Philip’s Experience //
Philip Shaw has been an economist for more than thirty years, living and working through some of the worst financial crises this country has ever seen. As the Chief Economist at Investec, it is his responsibility to develop, coordinate and produce economic and financial analysis to share throughout the bank. His research and forecasts inform every decision the bank makes and he regularly shares his opinions and predictions in the press and on television.
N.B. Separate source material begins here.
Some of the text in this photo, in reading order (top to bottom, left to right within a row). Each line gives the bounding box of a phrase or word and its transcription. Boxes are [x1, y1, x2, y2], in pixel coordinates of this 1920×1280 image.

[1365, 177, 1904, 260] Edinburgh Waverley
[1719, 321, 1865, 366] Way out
He knows what to expect in times of financial woe and has witnessed some of the best ways businesses can survive them.
A shallow recession?
“What we’re looking at is a shallow recession balanced quite evenly between the consumer and business sides”, Philip explained. “We think the economy will be difficult for 18 months or so, and expect it to contract by up to 1% from the peak to the bottom of the cycle next year. For comparison, the economy shrank by something like 5.5% during the financial crash of 08-09, so that’s what we would call a deep recession.”
This is a welcome prediction given how many of us have been expecting a crash of seismic proportions, but Philip was keen to stress that even a mild recession will likely be the last straw for many businesses in the wake of the pandemic, especially when considering his predictions concerning interest rates and inflation.
“It’s not all about the recession”, he explained. “It’s about how difficult the business environment is and if you can get decent growth over the next year…Interest rates are rising sharply and, while your business may not have much exposure, your customers likely will, so that will have an effect.” Philip continued to clarify that he believes interest rates won’t peak until next year, so keeping an eye on them will be vital for businesses hoping to weather the storm.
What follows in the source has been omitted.